Dataset records:
----------------

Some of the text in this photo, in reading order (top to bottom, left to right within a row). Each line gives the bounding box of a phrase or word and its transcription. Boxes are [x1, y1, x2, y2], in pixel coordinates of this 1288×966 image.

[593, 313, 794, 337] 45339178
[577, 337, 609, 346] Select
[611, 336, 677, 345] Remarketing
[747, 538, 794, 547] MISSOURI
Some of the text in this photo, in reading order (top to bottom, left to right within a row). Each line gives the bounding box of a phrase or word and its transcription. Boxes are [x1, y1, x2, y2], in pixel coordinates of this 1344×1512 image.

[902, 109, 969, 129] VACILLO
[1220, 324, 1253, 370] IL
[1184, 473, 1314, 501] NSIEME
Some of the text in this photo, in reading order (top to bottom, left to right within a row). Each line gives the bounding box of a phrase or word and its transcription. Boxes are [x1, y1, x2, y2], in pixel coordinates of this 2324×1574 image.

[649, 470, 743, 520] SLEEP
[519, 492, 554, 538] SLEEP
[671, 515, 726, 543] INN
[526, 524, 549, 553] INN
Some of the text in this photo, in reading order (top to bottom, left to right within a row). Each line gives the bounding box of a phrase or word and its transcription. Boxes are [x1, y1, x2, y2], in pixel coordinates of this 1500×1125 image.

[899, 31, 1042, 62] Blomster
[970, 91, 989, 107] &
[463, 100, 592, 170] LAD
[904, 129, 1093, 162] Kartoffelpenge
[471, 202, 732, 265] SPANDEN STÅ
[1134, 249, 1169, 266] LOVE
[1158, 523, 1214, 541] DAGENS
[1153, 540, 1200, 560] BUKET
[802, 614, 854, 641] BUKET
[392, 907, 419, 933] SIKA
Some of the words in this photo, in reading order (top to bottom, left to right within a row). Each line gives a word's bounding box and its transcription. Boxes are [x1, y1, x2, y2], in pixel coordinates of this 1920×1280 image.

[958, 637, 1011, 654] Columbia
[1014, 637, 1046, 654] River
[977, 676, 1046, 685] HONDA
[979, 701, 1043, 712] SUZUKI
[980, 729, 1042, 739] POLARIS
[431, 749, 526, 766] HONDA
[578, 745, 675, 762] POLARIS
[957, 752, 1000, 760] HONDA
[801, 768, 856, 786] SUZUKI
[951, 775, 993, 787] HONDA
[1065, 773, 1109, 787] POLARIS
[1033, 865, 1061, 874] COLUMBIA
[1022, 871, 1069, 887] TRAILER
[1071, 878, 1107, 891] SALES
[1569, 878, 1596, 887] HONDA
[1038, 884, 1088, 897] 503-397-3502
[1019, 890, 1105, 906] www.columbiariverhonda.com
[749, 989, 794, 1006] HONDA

----------------

:: Exercise ::
The records above should be reproduced in full, exactly as they read.

:: Result of the task ::
Some of the text in this photo, in reading order (top to bottom, left to right within a row). Each line gives the bounding box of a phrase or word and its transcription. Boxes are [x1, y1, x2, y2], in pixel coordinates of this 1288×966 image.

[593, 313, 794, 337] 45339178
[577, 337, 609, 346] Select
[611, 336, 677, 345] Remarketing
[747, 538, 794, 547] MISSOURI
Some of the text in this photo, in reading order (top to bottom, left to right within a row). Each line gives the bounding box of a phrase or word and its transcription. Boxes are [x1, y1, x2, y2], in pixel coordinates of this 1344×1512 image.

[902, 109, 969, 129] VACILLO
[1220, 324, 1253, 370] IL
[1184, 473, 1314, 501] NSIEME
Some of the text in this photo, in reading order (top to bottom, left to right within a row). Each line gives the bounding box of a phrase or word and its transcription. Boxes are [x1, y1, x2, y2], in pixel coordinates of this 2324×1574 image.

[649, 470, 743, 520] SLEEP
[519, 492, 554, 538] SLEEP
[671, 515, 726, 543] INN
[526, 524, 549, 553] INN
Some of the text in this photo, in reading order (top to bottom, left to right within a row). Each line gives the bounding box of a phrase or word and its transcription. Boxes are [x1, y1, x2, y2], in pixel coordinates of this 1500×1125 image.

[899, 31, 1042, 62] Blomster
[970, 91, 989, 107] &
[463, 100, 592, 170] LAD
[904, 129, 1093, 162] Kartoffelpenge
[471, 202, 732, 265] SPANDEN STÅ
[1134, 249, 1169, 266] LOVE
[1158, 523, 1214, 541] DAGENS
[1153, 540, 1200, 560] BUKET
[802, 614, 854, 641] BUKET
[392, 907, 419, 933] SIKA
Some of the words in this photo, in reading order (top to bottom, left to right within a row). Each line gives a word's bounding box and its transcription. Boxes are [x1, y1, x2, y2], in pixel coordinates of this 1920×1280 image.

[958, 637, 1011, 654] Columbia
[1014, 637, 1046, 654] River
[977, 676, 1046, 685] HONDA
[979, 701, 1043, 712] SUZUKI
[980, 729, 1042, 739] POLARIS
[431, 749, 526, 766] HONDA
[578, 745, 675, 762] POLARIS
[957, 752, 1000, 760] HONDA
[801, 768, 856, 786] SUZUKI
[951, 775, 993, 787] HONDA
[1065, 773, 1109, 787] POLARIS
[1033, 865, 1061, 874] COLUMBIA
[1022, 871, 1069, 887] TRAILER
[1071, 878, 1107, 891] SALES
[1569, 878, 1596, 887] HONDA
[1038, 884, 1088, 897] 503-397-3502
[1019, 890, 1105, 906] www.columbiariverhonda.com
[749, 989, 794, 1006] HONDA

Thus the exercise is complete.